#### WHAT THIS TASK INVOLVES
The full set of entries has to be output exactly.

+++ DATA SECTION

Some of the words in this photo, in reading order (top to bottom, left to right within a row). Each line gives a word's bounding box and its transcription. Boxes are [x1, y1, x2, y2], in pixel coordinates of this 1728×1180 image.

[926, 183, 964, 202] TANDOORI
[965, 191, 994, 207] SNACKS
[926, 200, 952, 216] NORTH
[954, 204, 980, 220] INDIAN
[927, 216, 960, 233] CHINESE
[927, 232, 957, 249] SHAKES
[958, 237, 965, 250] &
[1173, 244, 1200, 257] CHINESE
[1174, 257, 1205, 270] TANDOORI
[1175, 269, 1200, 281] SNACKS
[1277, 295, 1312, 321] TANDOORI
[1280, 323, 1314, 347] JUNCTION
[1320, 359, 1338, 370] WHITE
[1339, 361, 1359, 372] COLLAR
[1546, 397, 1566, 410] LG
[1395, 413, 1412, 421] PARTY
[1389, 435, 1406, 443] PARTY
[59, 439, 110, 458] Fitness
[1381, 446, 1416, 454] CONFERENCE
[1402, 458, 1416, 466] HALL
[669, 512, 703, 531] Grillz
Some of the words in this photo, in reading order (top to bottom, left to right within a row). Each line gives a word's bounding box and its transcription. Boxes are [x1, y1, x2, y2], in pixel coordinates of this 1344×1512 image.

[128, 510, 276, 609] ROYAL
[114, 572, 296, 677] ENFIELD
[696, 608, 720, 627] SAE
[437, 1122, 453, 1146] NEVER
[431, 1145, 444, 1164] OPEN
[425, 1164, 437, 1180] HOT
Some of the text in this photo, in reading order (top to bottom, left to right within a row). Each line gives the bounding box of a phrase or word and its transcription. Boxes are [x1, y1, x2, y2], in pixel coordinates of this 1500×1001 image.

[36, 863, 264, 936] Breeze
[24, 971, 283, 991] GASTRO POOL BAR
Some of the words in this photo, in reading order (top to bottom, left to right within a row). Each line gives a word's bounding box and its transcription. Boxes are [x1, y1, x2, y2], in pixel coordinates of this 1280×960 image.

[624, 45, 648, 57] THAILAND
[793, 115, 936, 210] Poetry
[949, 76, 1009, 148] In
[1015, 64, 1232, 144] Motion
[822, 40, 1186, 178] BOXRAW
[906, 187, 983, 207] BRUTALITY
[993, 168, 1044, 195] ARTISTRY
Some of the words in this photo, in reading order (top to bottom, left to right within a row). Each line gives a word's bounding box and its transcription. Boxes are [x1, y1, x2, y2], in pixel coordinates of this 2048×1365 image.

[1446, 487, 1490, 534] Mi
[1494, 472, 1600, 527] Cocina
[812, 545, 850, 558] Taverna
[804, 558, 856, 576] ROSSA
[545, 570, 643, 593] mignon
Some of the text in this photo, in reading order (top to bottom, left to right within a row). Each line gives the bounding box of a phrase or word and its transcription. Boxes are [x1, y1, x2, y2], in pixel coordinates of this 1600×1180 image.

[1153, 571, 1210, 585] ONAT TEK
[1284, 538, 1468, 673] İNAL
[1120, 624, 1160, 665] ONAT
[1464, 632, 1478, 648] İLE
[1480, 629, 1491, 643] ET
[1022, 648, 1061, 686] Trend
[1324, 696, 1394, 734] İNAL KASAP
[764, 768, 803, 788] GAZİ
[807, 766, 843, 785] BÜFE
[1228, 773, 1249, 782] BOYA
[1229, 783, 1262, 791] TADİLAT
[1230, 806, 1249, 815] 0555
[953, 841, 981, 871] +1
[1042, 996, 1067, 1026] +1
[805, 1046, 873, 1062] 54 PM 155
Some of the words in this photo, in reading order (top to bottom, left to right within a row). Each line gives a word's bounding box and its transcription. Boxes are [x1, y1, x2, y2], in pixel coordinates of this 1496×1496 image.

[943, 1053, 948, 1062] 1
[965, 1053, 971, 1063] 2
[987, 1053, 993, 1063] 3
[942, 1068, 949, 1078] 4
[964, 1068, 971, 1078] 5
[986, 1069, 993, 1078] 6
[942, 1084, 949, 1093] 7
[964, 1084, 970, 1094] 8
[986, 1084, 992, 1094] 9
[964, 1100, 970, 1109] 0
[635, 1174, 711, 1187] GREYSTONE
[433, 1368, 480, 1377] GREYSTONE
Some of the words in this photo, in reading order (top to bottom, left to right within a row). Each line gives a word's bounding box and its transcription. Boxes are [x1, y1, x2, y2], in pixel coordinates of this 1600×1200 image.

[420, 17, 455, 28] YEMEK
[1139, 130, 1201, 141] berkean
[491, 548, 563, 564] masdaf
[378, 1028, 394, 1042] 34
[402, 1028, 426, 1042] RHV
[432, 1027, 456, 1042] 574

++++++

#### OUTPUT OF THE TASK
Some of the words in this photo, in reading order (top to bottom, left to right within a row). Each line gives a word's bounding box and its transcription. Boxes are [x1, y1, x2, y2], in pixel coordinates of this 1728×1180 image.

[926, 183, 964, 202] TANDOORI
[965, 191, 994, 207] SNACKS
[926, 200, 952, 216] NORTH
[954, 204, 980, 220] INDIAN
[927, 216, 960, 233] CHINESE
[927, 232, 957, 249] SHAKES
[958, 237, 965, 250] &
[1173, 244, 1200, 257] CHINESE
[1174, 257, 1205, 270] TANDOORI
[1175, 269, 1200, 281] SNACKS
[1277, 295, 1312, 321] TANDOORI
[1280, 323, 1314, 347] JUNCTION
[1320, 359, 1338, 370] WHITE
[1339, 361, 1359, 372] COLLAR
[1546, 397, 1566, 410] LG
[1395, 413, 1412, 421] PARTY
[1389, 435, 1406, 443] PARTY
[59, 439, 110, 458] Fitness
[1381, 446, 1416, 454] CONFERENCE
[1402, 458, 1416, 466] HALL
[669, 512, 703, 531] Grillz
Some of the words in this photo, in reading order (top to bottom, left to right within a row). Each line gives a word's bounding box and its transcription. Boxes are [x1, y1, x2, y2], in pixel coordinates of this 1344×1512 image.

[128, 510, 276, 609] ROYAL
[114, 572, 296, 677] ENFIELD
[696, 608, 720, 627] SAE
[437, 1122, 453, 1146] NEVER
[431, 1145, 444, 1164] OPEN
[425, 1164, 437, 1180] HOT
Some of the text in this photo, in reading order (top to bottom, left to right within a row). Each line gives the bounding box of a phrase or word and its transcription. Boxes are [x1, y1, x2, y2], in pixel coordinates of this 1500×1001 image.

[36, 863, 264, 936] Breeze
[24, 971, 283, 991] GASTRO POOL BAR
Some of the words in this photo, in reading order (top to bottom, left to right within a row). Each line gives a word's bounding box and its transcription. Boxes are [x1, y1, x2, y2], in pixel coordinates of this 1280×960 image.

[624, 45, 648, 57] THAILAND
[793, 115, 936, 210] Poetry
[949, 76, 1009, 148] In
[1015, 64, 1232, 144] Motion
[822, 40, 1186, 178] BOXRAW
[906, 187, 983, 207] BRUTALITY
[993, 168, 1044, 195] ARTISTRY
Some of the words in this photo, in reading order (top to bottom, left to right within a row). Each line gives a word's bounding box and its transcription. Boxes are [x1, y1, x2, y2], in pixel coordinates of this 2048×1365 image.

[1446, 487, 1490, 534] Mi
[1494, 472, 1600, 527] Cocina
[812, 545, 850, 558] Taverna
[804, 558, 856, 576] ROSSA
[545, 570, 643, 593] mignon
Some of the text in this photo, in reading order (top to bottom, left to right within a row). Each line gives the bounding box of a phrase or word and its transcription. Boxes are [x1, y1, x2, y2], in pixel coordinates of this 1600×1180 image.

[1153, 571, 1210, 585] ONAT TEK
[1284, 538, 1468, 673] İNAL
[1120, 624, 1160, 665] ONAT
[1464, 632, 1478, 648] İLE
[1480, 629, 1491, 643] ET
[1022, 648, 1061, 686] Trend
[1324, 696, 1394, 734] İNAL KASAP
[764, 768, 803, 788] GAZİ
[807, 766, 843, 785] BÜFE
[1228, 773, 1249, 782] BOYA
[1229, 783, 1262, 791] TADİLAT
[1230, 806, 1249, 815] 0555
[953, 841, 981, 871] +1
[1042, 996, 1067, 1026] +1
[805, 1046, 873, 1062] 54 PM 155
Some of the words in this photo, in reading order (top to bottom, left to right within a row). Each line gives a word's bounding box and its transcription. Boxes are [x1, y1, x2, y2], in pixel coordinates of this 1496×1496 image.

[943, 1053, 948, 1062] 1
[965, 1053, 971, 1063] 2
[987, 1053, 993, 1063] 3
[942, 1068, 949, 1078] 4
[964, 1068, 971, 1078] 5
[986, 1069, 993, 1078] 6
[942, 1084, 949, 1093] 7
[964, 1084, 970, 1094] 8
[986, 1084, 992, 1094] 9
[964, 1100, 970, 1109] 0
[635, 1174, 711, 1187] GREYSTONE
[433, 1368, 480, 1377] GREYSTONE
Some of the words in this photo, in reading order (top to bottom, left to right within a row). Each line gives a word's bounding box and its transcription. Boxes are [x1, y1, x2, y2], in pixel coordinates of this 1600×1200 image.

[420, 17, 455, 28] YEMEK
[1139, 130, 1201, 141] berkean
[491, 548, 563, 564] masdaf
[378, 1028, 394, 1042] 34
[402, 1028, 426, 1042] RHV
[432, 1027, 456, 1042] 574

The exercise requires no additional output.